They made love, like addicts, but afterwards wanted metamorphosis and flight: to sleep, or else to rise quickly and dress and look at each other in a good light with puzzled frightened tender looks, and to drink. They were both drinking a good deal. Gertrude felt how provisional, how precarious it all was. It was no better than that hasty horrible love-making in Tim’s studio, lying ‘as if on a scaffolding’ and listening for feet on the stairs. Here they listened for the door bell, which they breathlessly ignored, or for the telephone whose buzz they could not entirely silence even though they had pushed several screws of paper in to jam the bell. Leaving the house separately, they vanished into London every day. They had a festival lunch and a festival dinner. They showed each other things. They went to the museums and art galleries which Gertrude admitted she scarcely knew. The idea of simply visiting these places had never occurred to her. Tim took her to funny out-of-the-way pubs. They explored obscure seedy places along the river. They were not pretending to enjoy themselves, they actually did, by some miracle, enjoy themselves, although hell was loose in Gertrude’s mind, and she sometimes thought in Tim’s too. His head, his face had a particular puzzled vulnerable touchingness when he was naked, he looked so different then, and she pitied him with a deep possessive erotic pity and took refuge in the seekingness of his fierce embrace where she rested in an unexpected strength. They hid their eyes in each other’s shoulders and neither yet dared to speak plainly of the future. Their Eros had not left them, but at times it seemed a crazed doomed Eros. The sense of something provisional and clandestine was in the air that they breathed. But although their ‘new life’ had lasted only days, they told each other that they felt that they had lived together for a long time.

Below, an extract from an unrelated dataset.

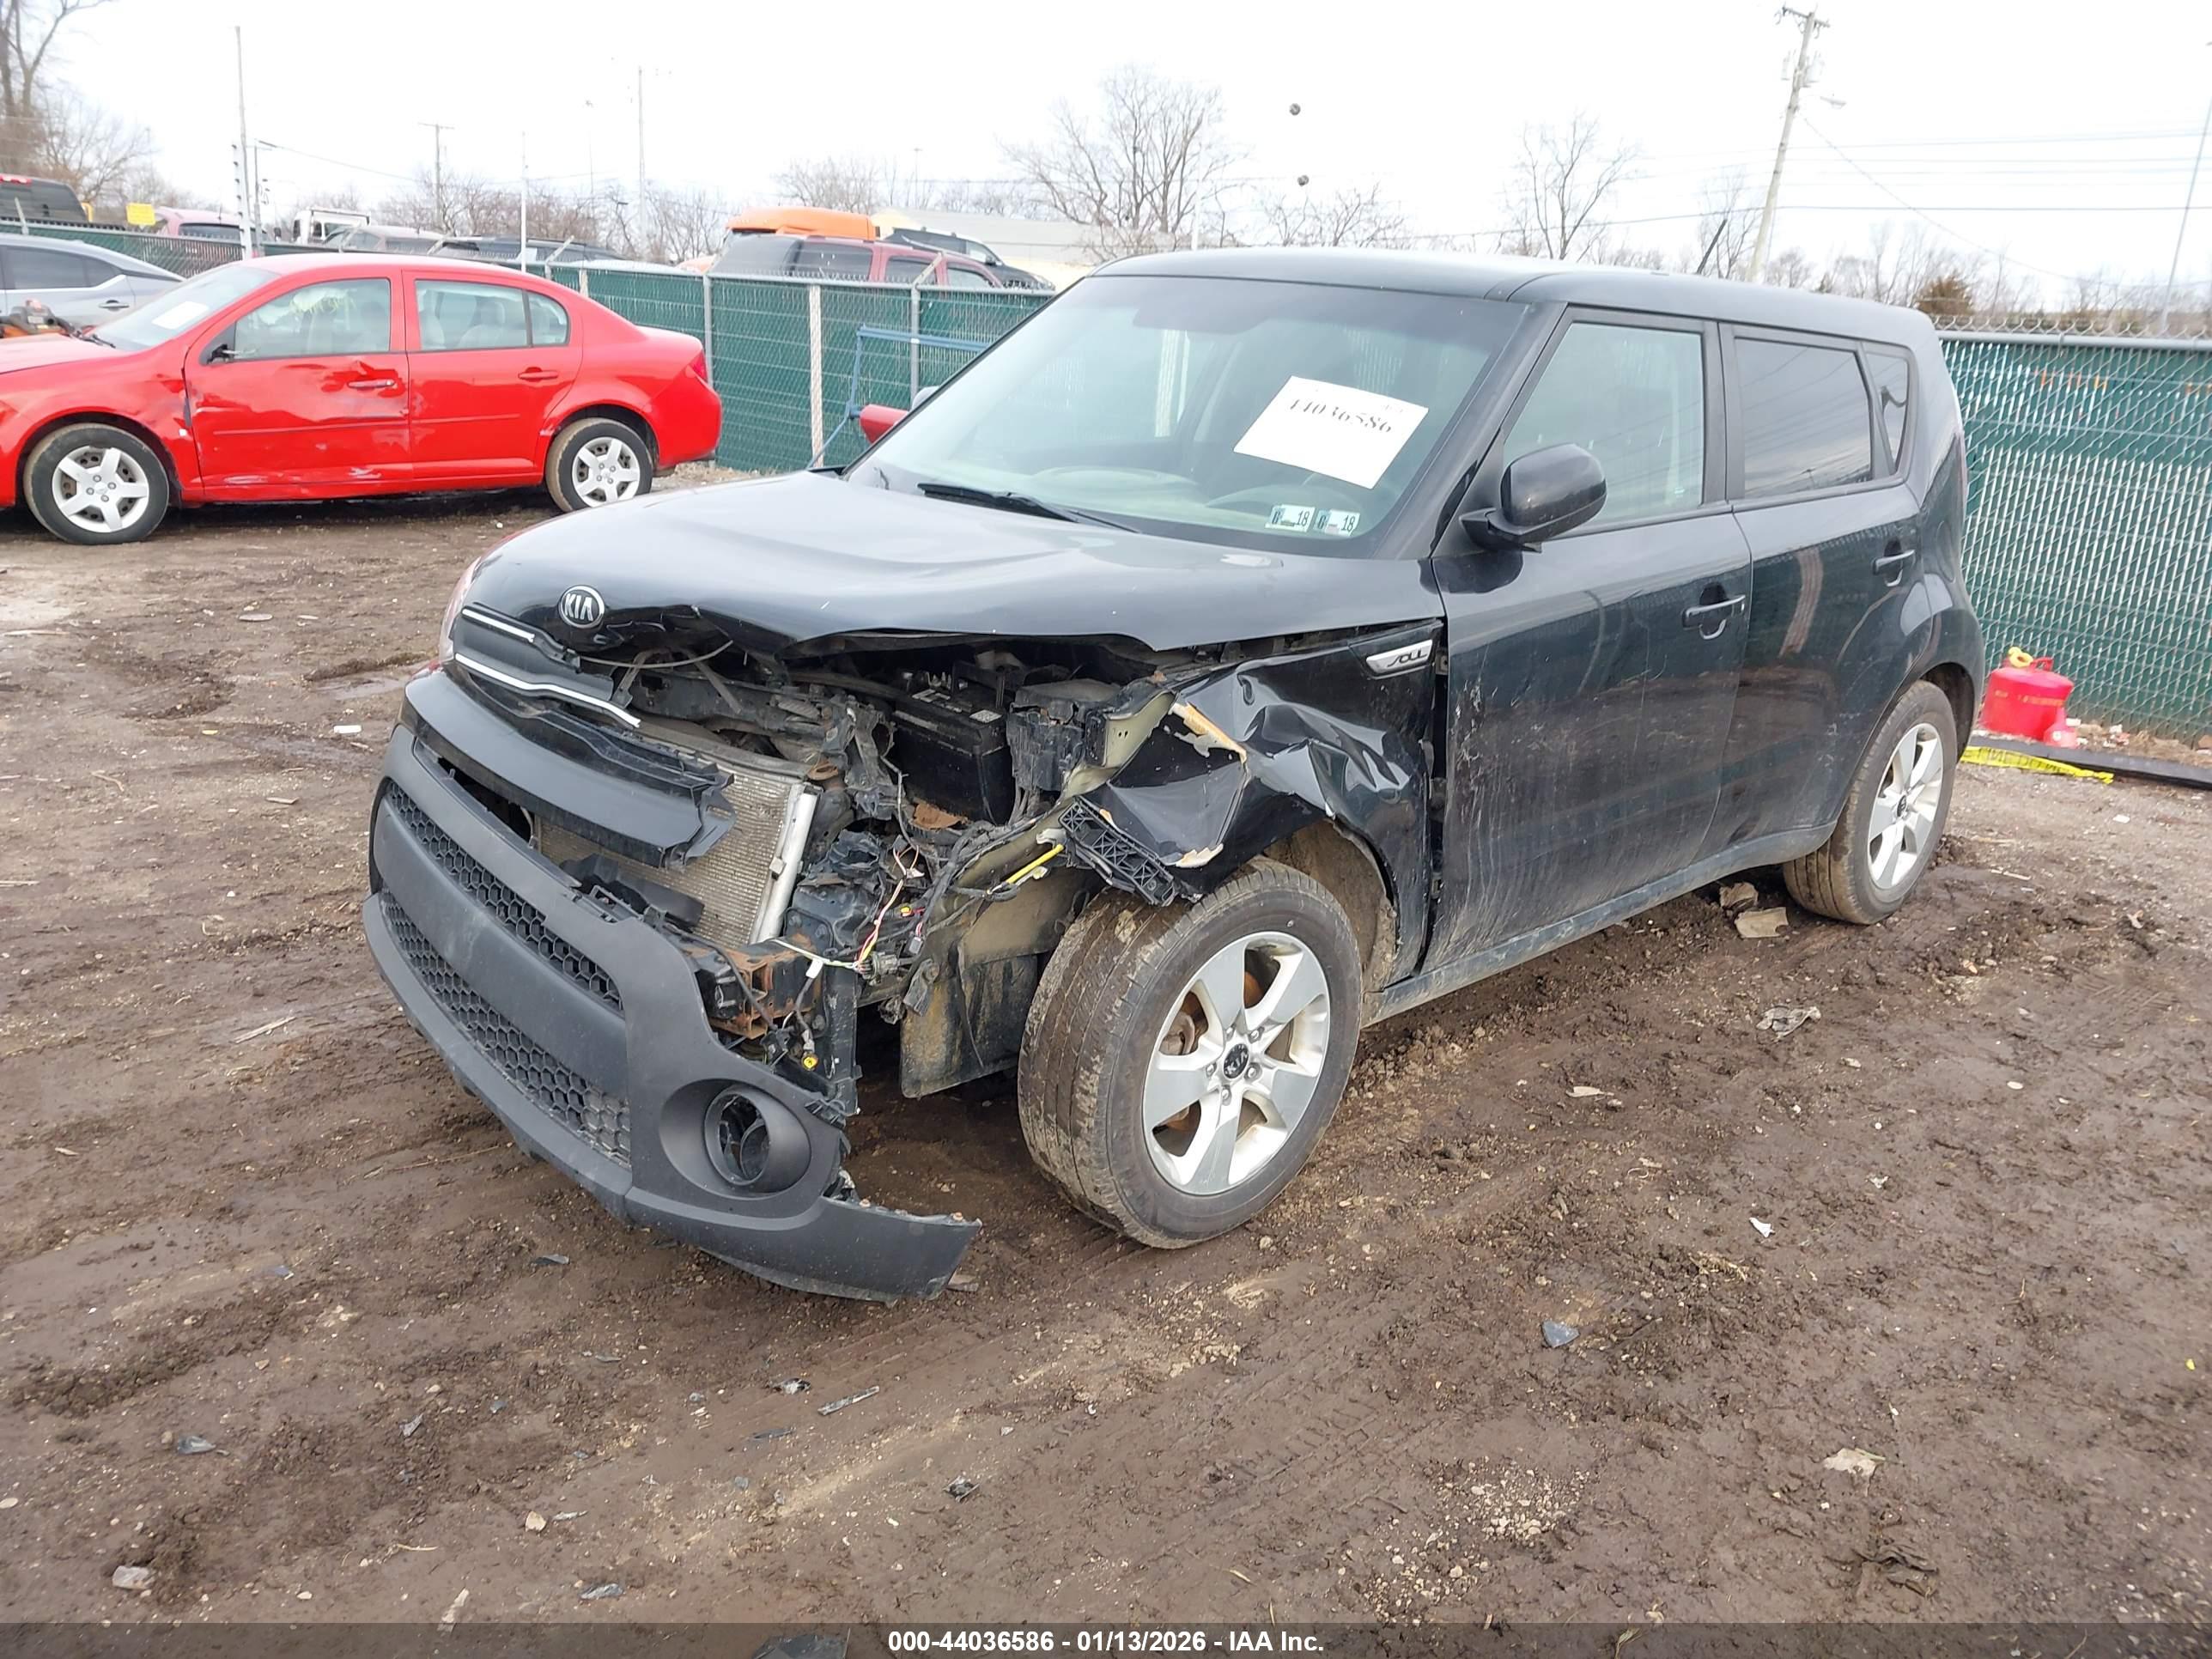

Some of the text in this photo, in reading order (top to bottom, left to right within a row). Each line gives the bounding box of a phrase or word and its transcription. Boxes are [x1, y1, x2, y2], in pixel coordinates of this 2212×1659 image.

Anne’s departure had shocked Gertrude, although it was quite clear that Anne would and must depart. Anne had been very kind to Gertrude, as kind as gentle loving clever Anne knew how to be. She had spoken of the indestructibility of their love. She had said she would be always available, always near. They had not again discussed Tim. Anne packed her bags and departed to a small hotel in the Paddington area. She spoke of getting a flat. They said good-bye as for a longish parting and had not communicated since.
Gertrude had been shaken by Anne’s reaction, by her attack on Tim, by her ‘marry somebody good’. Of course Anne mattered more than them, but it was a foretaste of a public response to which she found herself not looking forward: she was not ‘ashamed of Tim’, it was not like that. But she felt, in relation to Anne, oddly and miserably ashamed of herself. And everything seemed both inevitable and wrongly done. Of course Tim had to come to Ebury Street. His studio lacked privacy and they wanted to be together. Of course they had agreed not to tell anyone yet. But this meant they were living like criminals.
All these thoughts made up a poisonous witches’ brew in Gertrude’s mind. Rising from dreams of Guy her instinct to ask for his
help
was stronger than her reluctant ability to compose a waking world. And now a separate and quite peculiar torment was making itself felt. It concerned the Count. Gertrude had vaguely told Janet Openshaw that she was probably going to be away for a bit, and assumed that she would send the news around. She had even said, with the instinctive talent for lying which even truthful people can quickly develop when they find themselves in a false situation, that she was going to see an old school friend in Hereford. (This person, called Margaret Paley, actually existed.) After this however she had felt a kind of odd special compunction about the Count. He was indeed special, and needed a special treatment, a special place, he was not just one of those who were to gather by a rumour that she had left London. She thought of telephoning him, but then on impulse sent him a note asking him round for a drink. She would then inform him that she was perhaps going away. She told all this to Tim, and it was agreed that Tim was to be present, then to leave, and this would contribute to the vague notion of their being, after all, pals. This was what Tim wanted; and Gertrude had not told him how disastrously this idea had worked out in Anne’s case. The Count was another matter. He would suspect nothing and ask nothing.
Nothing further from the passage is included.